→ DATA EXTRACT:
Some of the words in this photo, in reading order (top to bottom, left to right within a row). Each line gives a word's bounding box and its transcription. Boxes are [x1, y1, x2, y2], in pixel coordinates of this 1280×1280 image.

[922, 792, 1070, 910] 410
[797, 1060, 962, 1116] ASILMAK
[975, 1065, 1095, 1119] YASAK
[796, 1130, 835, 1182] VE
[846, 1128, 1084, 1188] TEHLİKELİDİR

→ TO DO: An exact restatement of the data is required.

→ OUTPUT FOR THIS TASK:
Some of the words in this photo, in reading order (top to bottom, left to right within a row). Each line gives a word's bounding box and its transcription. Boxes are [x1, y1, x2, y2], in pixel coordinates of this 1280×1280 image.

[922, 792, 1070, 910] 410
[797, 1060, 962, 1116] ASILMAK
[975, 1065, 1095, 1119] YASAK
[796, 1130, 835, 1182] VE
[846, 1128, 1084, 1188] TEHLİKELİDİR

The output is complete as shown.